Da adolescente leggevo molta poesia spagnola-andalusa come Garcìa Lorca a Rafael Alberti e la poesia latinoamericana di Pablo Neruda, della meravigliosa poetessa anch’essa cilena Gabriela Mistral e di scrittori come il messicano Juan Rulfo e il guatemalteco Miguel Angel Asturias inventori del realismo magico che influenzò tanto Gabriel Garcia Márquez e tanta letteratura al mondo, quorum ego. Ho amato ed amo altri grandi cantori epici come Walt Withman e i brasiliani Jorge Amado e Guimaraes Rosa e l’irlandese esoterico William Butler Yeats. Durante l’adolescenza mi hanno fatto compagnia i poeti americani Edward Cummings e Robert Creeley, il neo-dolcestilnovista Lawrence Ferlinghetti e la sfortunata poetessa Sylvia Plath oltre a suo marito, il finissimo poeta laureato Ted Hughes inglese e al leggendario poeta gallese Dylan Thomas.
Fabrizio De André mi ha fatto conoscere in maniera più approfondita soprattutto i francesi e George Brassens in particolare, che era stato il suo riferimento ed ho avuto la fortuna che mi traducesse in un orecchio le sue canzoni mentre sull’altro avevo il disco di Brassens che cantava.

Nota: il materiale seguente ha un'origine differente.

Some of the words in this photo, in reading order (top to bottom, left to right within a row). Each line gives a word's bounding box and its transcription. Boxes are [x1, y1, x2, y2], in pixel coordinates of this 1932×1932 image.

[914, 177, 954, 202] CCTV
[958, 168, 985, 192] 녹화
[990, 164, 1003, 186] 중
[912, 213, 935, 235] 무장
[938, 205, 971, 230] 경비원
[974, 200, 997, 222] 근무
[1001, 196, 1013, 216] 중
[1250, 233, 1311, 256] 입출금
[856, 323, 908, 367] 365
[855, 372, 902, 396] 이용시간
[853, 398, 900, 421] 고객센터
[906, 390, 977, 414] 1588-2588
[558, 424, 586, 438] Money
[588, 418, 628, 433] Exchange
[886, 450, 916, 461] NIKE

Con De André non avevo molti punti di contatto, a parte la cultura classica e l’amore per il mondo contadino e pastorale. Eravamo di due generazioni profondamente diverse anche musicalmente, ma questo non ci impedì di confrontarci e di lavorare insieme e di scrivere una ventina di canzoni che continuano a veleggiare nel tempo tra cui mi piace ricordare Fiume Sand Creek, Hotel Supramonte, Andrea, Volta la Carta, Se ti tagliassero a pezzetti, Quello che non ho, Don Raffaè che canto ancora nei miei concerti.

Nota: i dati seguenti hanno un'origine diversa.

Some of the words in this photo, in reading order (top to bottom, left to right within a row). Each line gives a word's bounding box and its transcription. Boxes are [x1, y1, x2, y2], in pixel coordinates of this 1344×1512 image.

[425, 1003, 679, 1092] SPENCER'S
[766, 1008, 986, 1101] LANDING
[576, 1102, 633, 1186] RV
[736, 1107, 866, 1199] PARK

Le sue canzoni spesso trattano temi profondi e universali, come l’amore, la guerra e le radici culturali. Come nasce l’ispirazione per questi brani, e quale processo creativo segue nel trasformare emozioni e storie in musica e poesia? In che modo ritiene che la sua musica possa contribuire al dibattito sociale e culturale contemporaneo?
Ho sempre cercato di unire la bellezza della musica con quella della poesia. Perché la bellezza racchiude profondi significati e li rende comprensibili e commestibili. Ed ho cercato anche di scrivere canzoni cantabili, memorizzabili e riproducibili, che durassero nel tempo, come le cose che ami: la tua chitarra, una vecchia giacca di cuoio, un paio di scarponi da montagna, la finestra sul bosco. Ho sempre pensato che bisognasse scrivere libri leggibili, film visibili e canzoni cantabili. Cose che hai voglia di riprodurre e rileggere. Le canzoni sono state e sono ancora per molti l’unico accesso che hanno nella vita alla poesia. Persone che non leggevano romanzi e nemmeno poesie, che non avevano idea di cosa fosse un poema, attraverso le canzoni sono state in grado di trarre riflessioni utili e indicative per la loro vita, su argomenti che riguardavano questioni sentimentali o di amicizia o la condivisione sociale e lo stato della giustizia nel mondo. Questa visione credo che nasca, dalla mia educazione familiare che ha sempre cercato di darmi un senso di responsabilità verso gli altri e di sentirmi parte di una società di persone a cui dare un reale contributo e il meglio di me stesso. É una sensibilità sociale che mi sembra si stia annacquando nel tempo e soprattutto per una ormai prolungata latitanza di tanti padri e tanti maestri che ci hanno cresciuto per gli altri.